== Data
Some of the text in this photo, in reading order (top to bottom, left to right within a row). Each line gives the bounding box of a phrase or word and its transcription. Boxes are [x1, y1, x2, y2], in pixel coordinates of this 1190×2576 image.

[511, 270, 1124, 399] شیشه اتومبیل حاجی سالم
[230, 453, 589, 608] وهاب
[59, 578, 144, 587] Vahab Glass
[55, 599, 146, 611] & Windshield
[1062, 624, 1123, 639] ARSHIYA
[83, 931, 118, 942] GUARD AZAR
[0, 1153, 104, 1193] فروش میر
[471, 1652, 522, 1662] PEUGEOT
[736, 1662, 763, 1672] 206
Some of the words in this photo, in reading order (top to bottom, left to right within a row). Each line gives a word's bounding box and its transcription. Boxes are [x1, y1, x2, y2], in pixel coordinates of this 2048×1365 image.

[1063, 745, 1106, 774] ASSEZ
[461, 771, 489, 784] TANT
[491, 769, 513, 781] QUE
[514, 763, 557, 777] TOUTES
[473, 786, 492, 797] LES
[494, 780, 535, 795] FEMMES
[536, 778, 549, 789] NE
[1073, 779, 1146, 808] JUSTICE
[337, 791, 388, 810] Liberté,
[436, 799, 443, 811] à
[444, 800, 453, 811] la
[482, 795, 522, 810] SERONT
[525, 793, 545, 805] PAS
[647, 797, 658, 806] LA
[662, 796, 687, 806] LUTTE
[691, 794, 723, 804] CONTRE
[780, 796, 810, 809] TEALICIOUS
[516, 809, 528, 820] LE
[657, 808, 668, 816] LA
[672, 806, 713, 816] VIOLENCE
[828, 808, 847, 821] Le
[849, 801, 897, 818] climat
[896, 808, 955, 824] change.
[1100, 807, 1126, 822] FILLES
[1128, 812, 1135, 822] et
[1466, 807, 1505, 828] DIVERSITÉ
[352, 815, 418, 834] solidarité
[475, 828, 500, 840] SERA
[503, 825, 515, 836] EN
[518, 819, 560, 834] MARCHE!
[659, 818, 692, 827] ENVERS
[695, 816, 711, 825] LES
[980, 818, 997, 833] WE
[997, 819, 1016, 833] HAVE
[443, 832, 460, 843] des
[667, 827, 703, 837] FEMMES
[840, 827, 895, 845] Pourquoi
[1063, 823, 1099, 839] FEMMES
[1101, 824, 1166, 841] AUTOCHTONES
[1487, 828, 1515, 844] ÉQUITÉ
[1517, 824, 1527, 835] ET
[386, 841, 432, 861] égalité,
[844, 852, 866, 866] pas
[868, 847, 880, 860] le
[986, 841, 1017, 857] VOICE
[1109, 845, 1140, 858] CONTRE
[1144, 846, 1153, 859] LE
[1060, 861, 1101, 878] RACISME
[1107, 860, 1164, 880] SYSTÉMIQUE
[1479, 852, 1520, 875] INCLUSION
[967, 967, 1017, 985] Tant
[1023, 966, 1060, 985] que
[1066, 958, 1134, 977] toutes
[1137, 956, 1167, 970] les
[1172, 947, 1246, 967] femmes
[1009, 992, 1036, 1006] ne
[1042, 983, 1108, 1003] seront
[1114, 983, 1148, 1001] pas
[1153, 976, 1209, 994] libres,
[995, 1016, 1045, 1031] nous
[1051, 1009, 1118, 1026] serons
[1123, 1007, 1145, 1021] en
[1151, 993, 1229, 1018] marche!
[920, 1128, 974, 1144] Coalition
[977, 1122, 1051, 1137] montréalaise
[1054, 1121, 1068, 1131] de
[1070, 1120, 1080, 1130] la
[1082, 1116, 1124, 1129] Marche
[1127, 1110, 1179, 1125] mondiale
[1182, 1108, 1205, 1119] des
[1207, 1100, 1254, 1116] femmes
====
_To do_:
Copy the material above, line for line.

_Result of the task_:
Some of the text in this photo, in reading order (top to bottom, left to right within a row). Each line gives the bounding box of a phrase or word and its transcription. Boxes are [x1, y1, x2, y2], in pixel coordinates of this 1190×2576 image.

[511, 270, 1124, 399] شیشه اتومبیل حاجی سالم
[230, 453, 589, 608] وهاب
[59, 578, 144, 587] Vahab Glass
[55, 599, 146, 611] & Windshield
[1062, 624, 1123, 639] ARSHIYA
[83, 931, 118, 942] GUARD AZAR
[0, 1153, 104, 1193] فروش میر
[471, 1652, 522, 1662] PEUGEOT
[736, 1662, 763, 1672] 206
Some of the words in this photo, in reading order (top to bottom, left to right within a row). Each line gives a word's bounding box and its transcription. Boxes are [x1, y1, x2, y2], in pixel coordinates of this 2048×1365 image.

[1063, 745, 1106, 774] ASSEZ
[461, 771, 489, 784] TANT
[491, 769, 513, 781] QUE
[514, 763, 557, 777] TOUTES
[473, 786, 492, 797] LES
[494, 780, 535, 795] FEMMES
[536, 778, 549, 789] NE
[1073, 779, 1146, 808] JUSTICE
[337, 791, 388, 810] Liberté,
[436, 799, 443, 811] à
[444, 800, 453, 811] la
[482, 795, 522, 810] SERONT
[525, 793, 545, 805] PAS
[647, 797, 658, 806] LA
[662, 796, 687, 806] LUTTE
[691, 794, 723, 804] CONTRE
[780, 796, 810, 809] TEALICIOUS
[516, 809, 528, 820] LE
[657, 808, 668, 816] LA
[672, 806, 713, 816] VIOLENCE
[828, 808, 847, 821] Le
[849, 801, 897, 818] climat
[896, 808, 955, 824] change.
[1100, 807, 1126, 822] FILLES
[1128, 812, 1135, 822] et
[1466, 807, 1505, 828] DIVERSITÉ
[352, 815, 418, 834] solidarité
[475, 828, 500, 840] SERA
[503, 825, 515, 836] EN
[518, 819, 560, 834] MARCHE!
[659, 818, 692, 827] ENVERS
[695, 816, 711, 825] LES
[980, 818, 997, 833] WE
[997, 819, 1016, 833] HAVE
[443, 832, 460, 843] des
[667, 827, 703, 837] FEMMES
[840, 827, 895, 845] Pourquoi
[1063, 823, 1099, 839] FEMMES
[1101, 824, 1166, 841] AUTOCHTONES
[1487, 828, 1515, 844] ÉQUITÉ
[1517, 824, 1527, 835] ET
[386, 841, 432, 861] égalité,
[844, 852, 866, 866] pas
[868, 847, 880, 860] le
[986, 841, 1017, 857] VOICE
[1109, 845, 1140, 858] CONTRE
[1144, 846, 1153, 859] LE
[1060, 861, 1101, 878] RACISME
[1107, 860, 1164, 880] SYSTÉMIQUE
[1479, 852, 1520, 875] INCLUSION
[967, 967, 1017, 985] Tant
[1023, 966, 1060, 985] que
[1066, 958, 1134, 977] toutes
[1137, 956, 1167, 970] les
[1172, 947, 1246, 967] femmes
[1009, 992, 1036, 1006] ne
[1042, 983, 1108, 1003] seront
[1114, 983, 1148, 1001] pas
[1153, 976, 1209, 994] libres,
[995, 1016, 1045, 1031] nous
[1051, 1009, 1118, 1026] serons
[1123, 1007, 1145, 1021] en
[1151, 993, 1229, 1018] marche!
[920, 1128, 974, 1144] Coalition
[977, 1122, 1051, 1137] montréalaise
[1054, 1121, 1068, 1131] de
[1070, 1120, 1080, 1130] la
[1082, 1116, 1124, 1129] Marche
[1127, 1110, 1179, 1125] mondiale
[1182, 1108, 1205, 1119] des
[1207, 1100, 1254, 1116] femmes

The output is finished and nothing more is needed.